→ **How to complete this task**: Every line below is to be copied exactly, with the pictures left out.
--- Records shown Enclosed Below ---
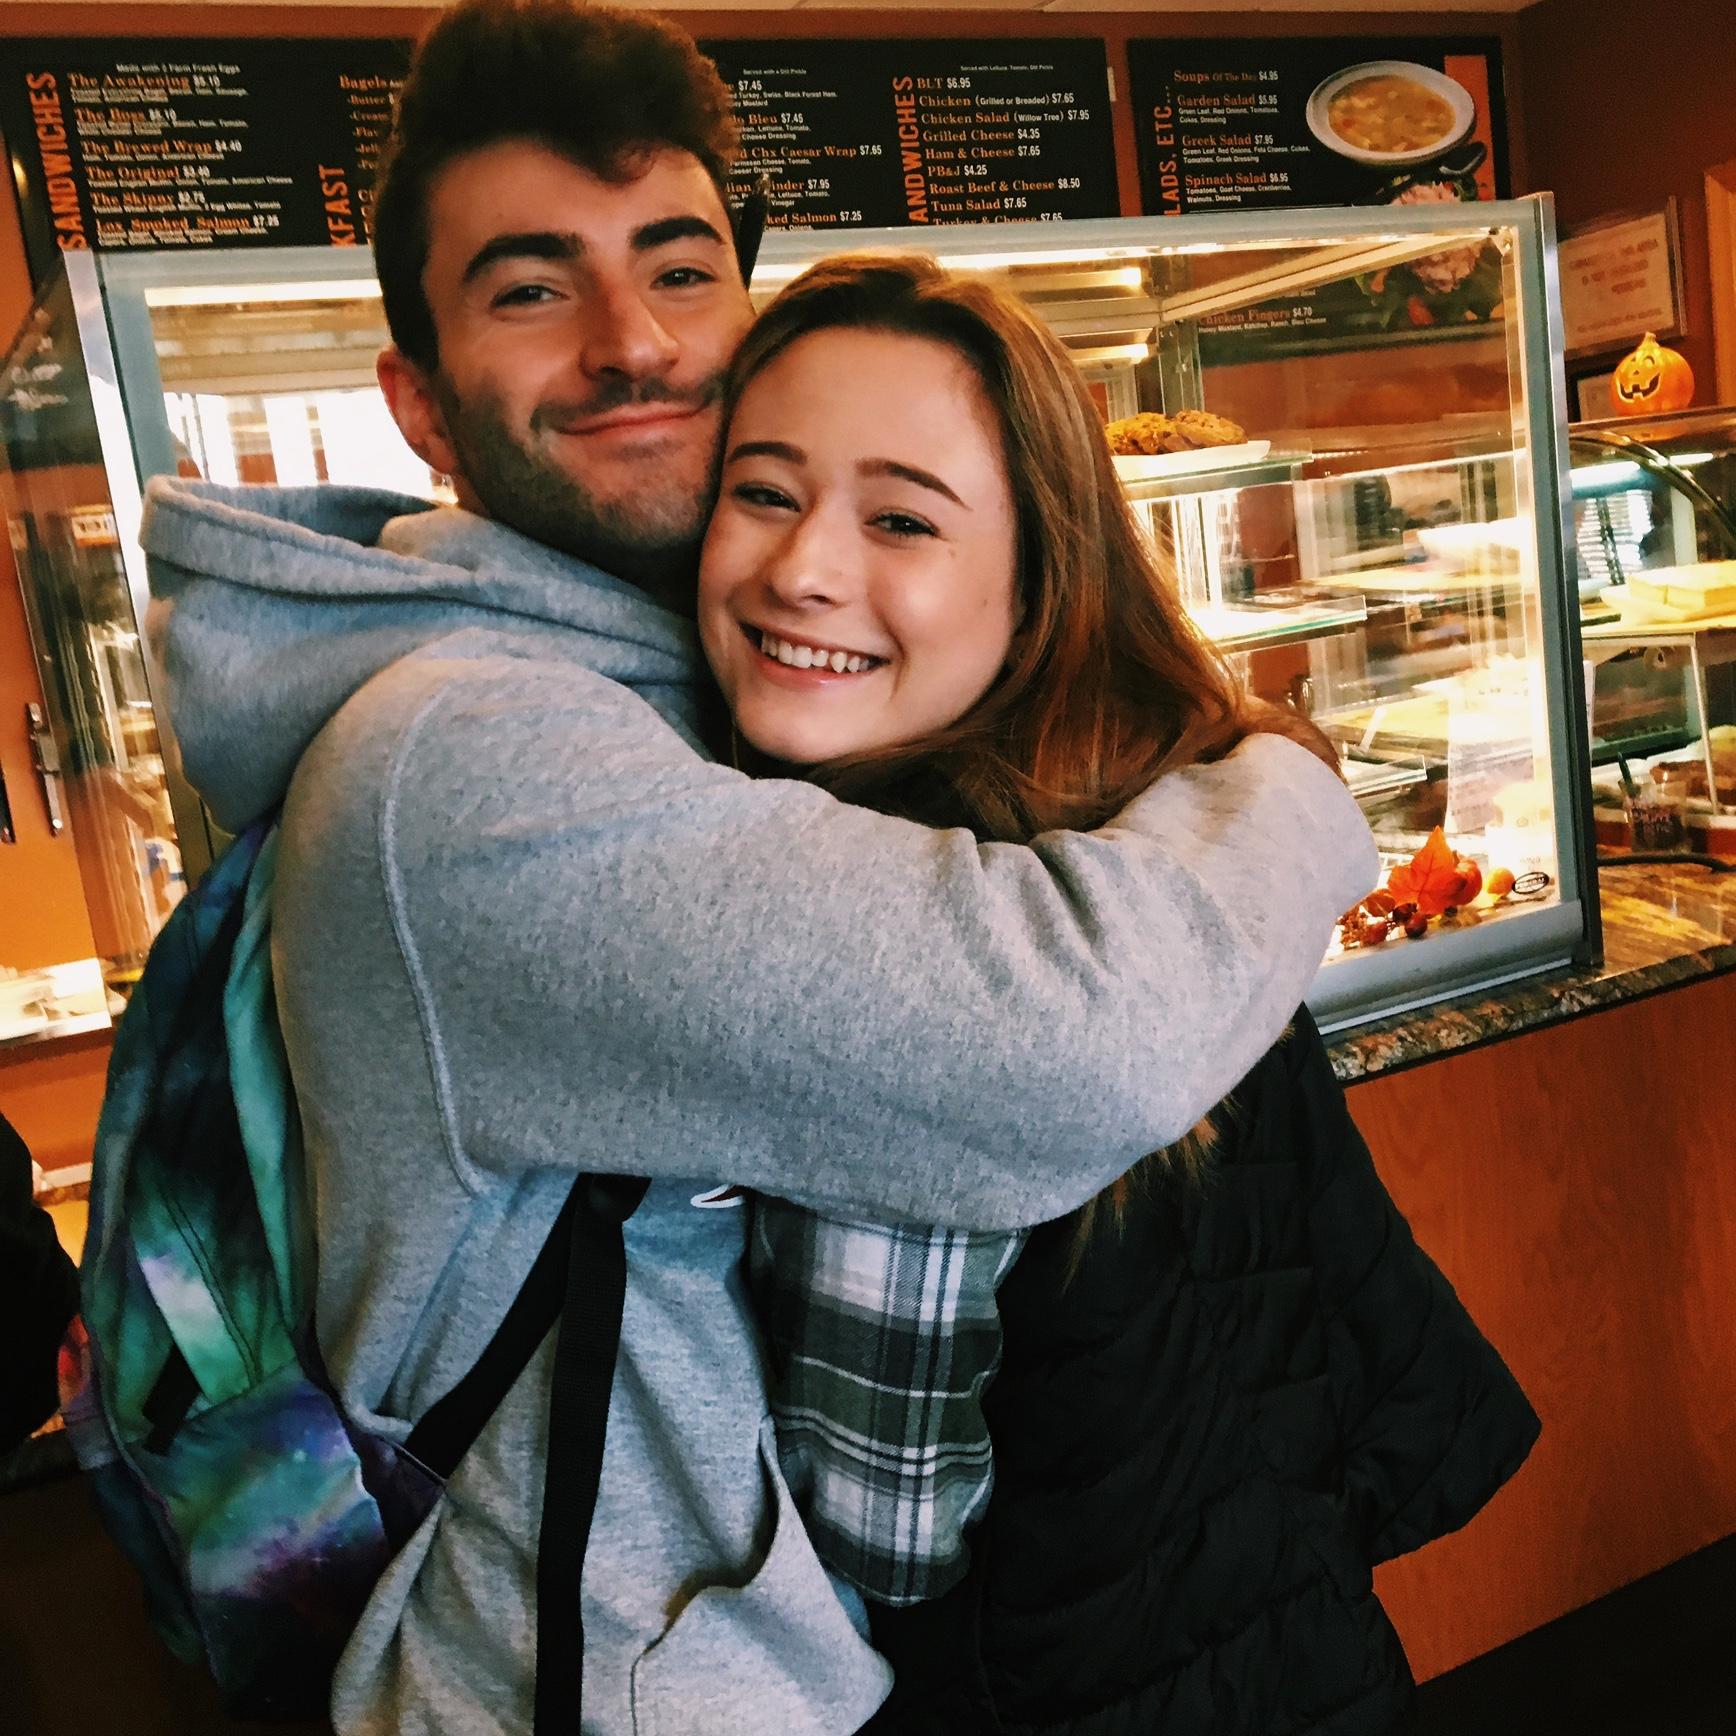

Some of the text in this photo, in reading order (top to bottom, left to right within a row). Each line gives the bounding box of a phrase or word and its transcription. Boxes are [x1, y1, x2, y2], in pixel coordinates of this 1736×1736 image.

[67, 72, 98, 87] The
[103, 73, 190, 89] Awakening
[340, 74, 387, 91] Bagels
[917, 77, 971, 89] BLT $6.95
[1174, 70, 1210, 84] Soups
[1225, 72, 1239, 81] The
[1258, 71, 1278, 81] $4.95
[738, 80, 762, 91] $7.45
[919, 96, 971, 107] Chicken
[1051, 93, 1074, 104] $7.65
[1177, 93, 1278, 106] Garden Salad $5.95
[74, 108, 105, 123] The
[749, 113, 777, 124] Bleu
[781, 112, 804, 124] $7.45
[921, 113, 972, 124] Chicken
[975, 112, 1010, 123] Salad
[1067, 109, 1090, 121] $7.95
[922, 128, 1040, 142] Grilled Cheese $4.35
[1182, 134, 1274, 146] Greek Salad $7.95
[81, 140, 110, 154] The
[752, 147, 776, 158] Chx
[781, 146, 821, 157] Caesar
[824, 146, 857, 159] Wrap
[860, 145, 882, 156] $7.65
[893, 76, 929, 223] ANDWICHES
[926, 145, 1040, 160] Ham & Cheese $7.65
[27, 71, 88, 249] SANDWICHES
[85, 166, 114, 178] The
[928, 164, 987, 177] PB&J $4.25
[772, 180, 805, 191] inder
[808, 179, 830, 190] $7.95
[930, 178, 1080, 195] Roast Beef & Cheese $8.50
[1160, 153, 1182, 217] LADS,
[1185, 174, 1233, 189] Spinach
[1236, 173, 1267, 184] Salad
[90, 192, 120, 205] The
[318, 163, 357, 247] KFAST
[931, 197, 1027, 212] Tuna Salad $7.65
[767, 211, 862, 225] ked Salmon $7.25
[994, 215, 1038, 224] Cheese
[1201, 306, 1312, 326] hicken Fingers $4.70
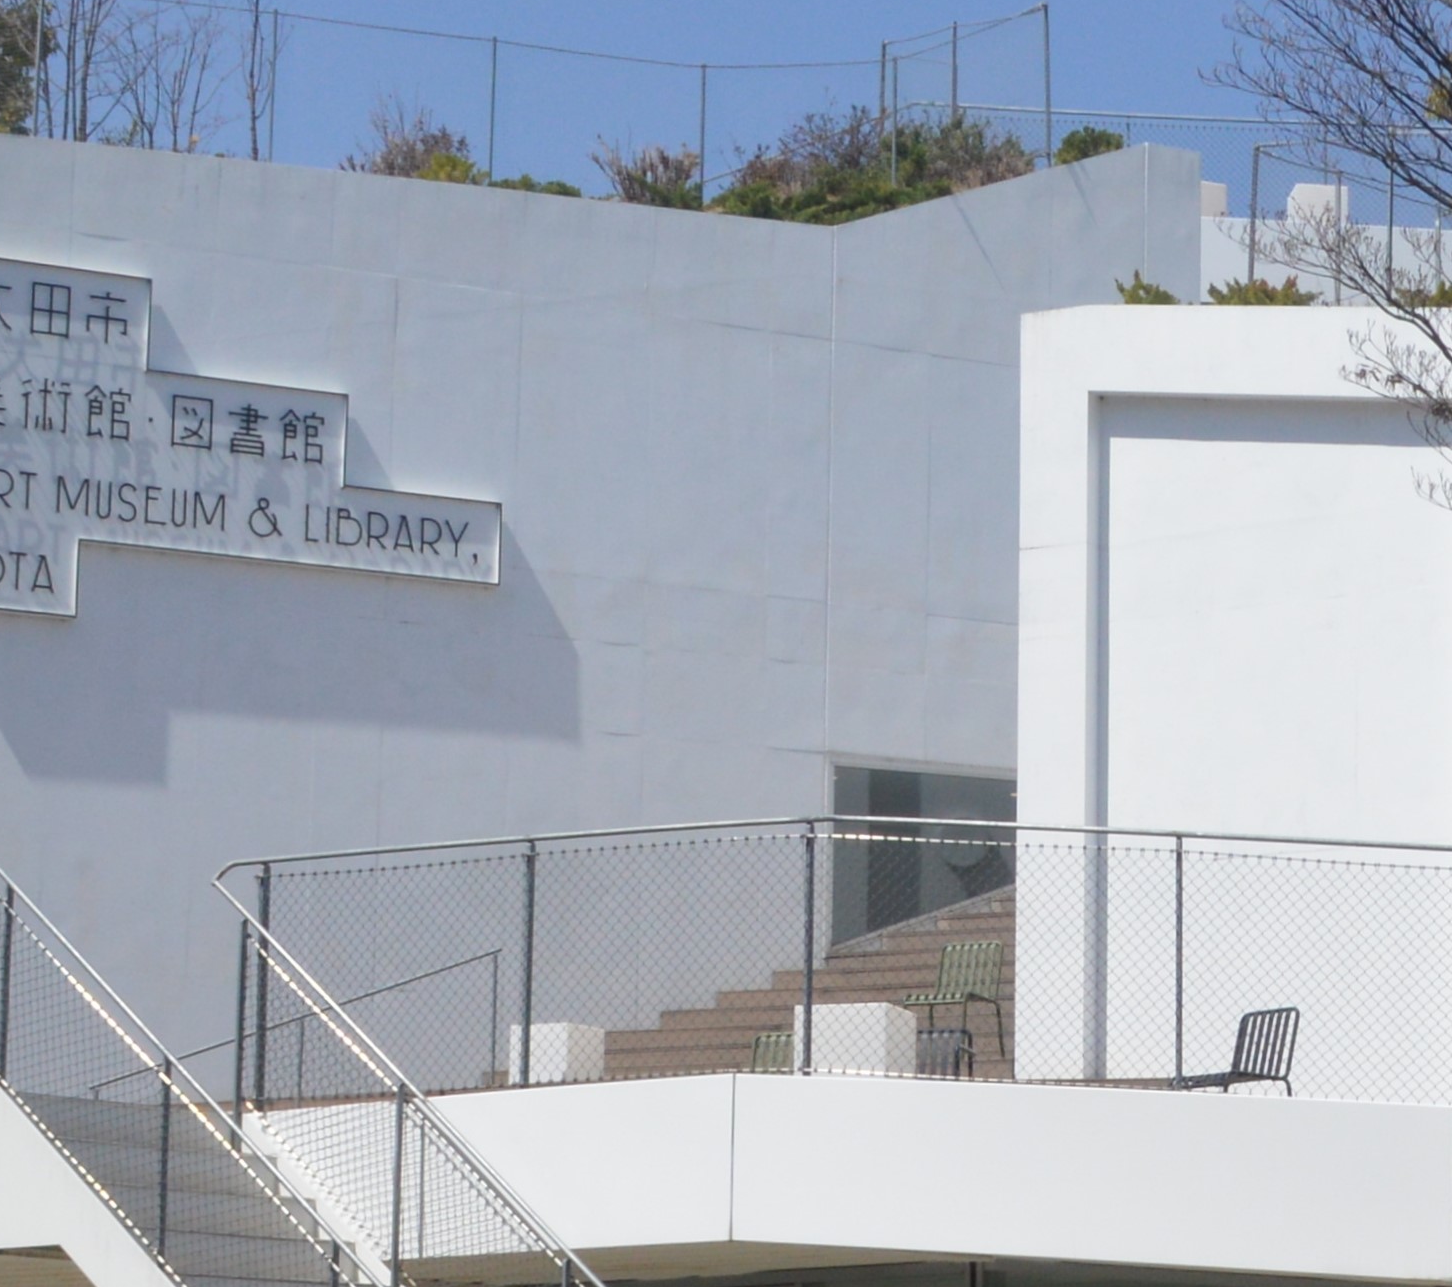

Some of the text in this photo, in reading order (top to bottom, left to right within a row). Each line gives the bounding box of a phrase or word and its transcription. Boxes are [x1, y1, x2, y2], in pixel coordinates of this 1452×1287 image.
--- End of Enclosed Records shown ---
→ **Expected output**:
Some of the text in this photo, in reading order (top to bottom, left to right within a row). Each line gives the bounding box of a phrase or word and its transcription. Boxes are [x1, y1, x2, y2], in pixel coordinates of this 1736×1736 image.

[67, 72, 98, 87] The
[103, 73, 190, 89] Awakening
[340, 74, 387, 91] Bagels
[917, 77, 971, 89] BLT $6.95
[1174, 70, 1210, 84] Soups
[1225, 72, 1239, 81] The
[1258, 71, 1278, 81] $4.95
[738, 80, 762, 91] $7.45
[919, 96, 971, 107] Chicken
[1051, 93, 1074, 104] $7.65
[1177, 93, 1278, 106] Garden Salad $5.95
[74, 108, 105, 123] The
[749, 113, 777, 124] Bleu
[781, 112, 804, 124] $7.45
[921, 113, 972, 124] Chicken
[975, 112, 1010, 123] Salad
[1067, 109, 1090, 121] $7.95
[922, 128, 1040, 142] Grilled Cheese $4.35
[1182, 134, 1274, 146] Greek Salad $7.95
[81, 140, 110, 154] The
[752, 147, 776, 158] Chx
[781, 146, 821, 157] Caesar
[824, 146, 857, 159] Wrap
[860, 145, 882, 156] $7.65
[893, 76, 929, 223] ANDWICHES
[926, 145, 1040, 160] Ham & Cheese $7.65
[27, 71, 88, 249] SANDWICHES
[85, 166, 114, 178] The
[928, 164, 987, 177] PB&J $4.25
[772, 180, 805, 191] inder
[808, 179, 830, 190] $7.95
[930, 178, 1080, 195] Roast Beef & Cheese $8.50
[1160, 153, 1182, 217] LADS,
[1185, 174, 1233, 189] Spinach
[1236, 173, 1267, 184] Salad
[90, 192, 120, 205] The
[318, 163, 357, 247] KFAST
[931, 197, 1027, 212] Tuna Salad $7.65
[767, 211, 862, 225] ked Salmon $7.25
[994, 215, 1038, 224] Cheese
[1201, 306, 1312, 326] hicken Fingers $4.70

Some of the text in this photo, in reading order (top to bottom, left to right within a row). Each line gives the bounding box of a phrase or word and its transcription. Boxes are [x1, y1, x2, y2], in pixel coordinates of this 1452×1287 image.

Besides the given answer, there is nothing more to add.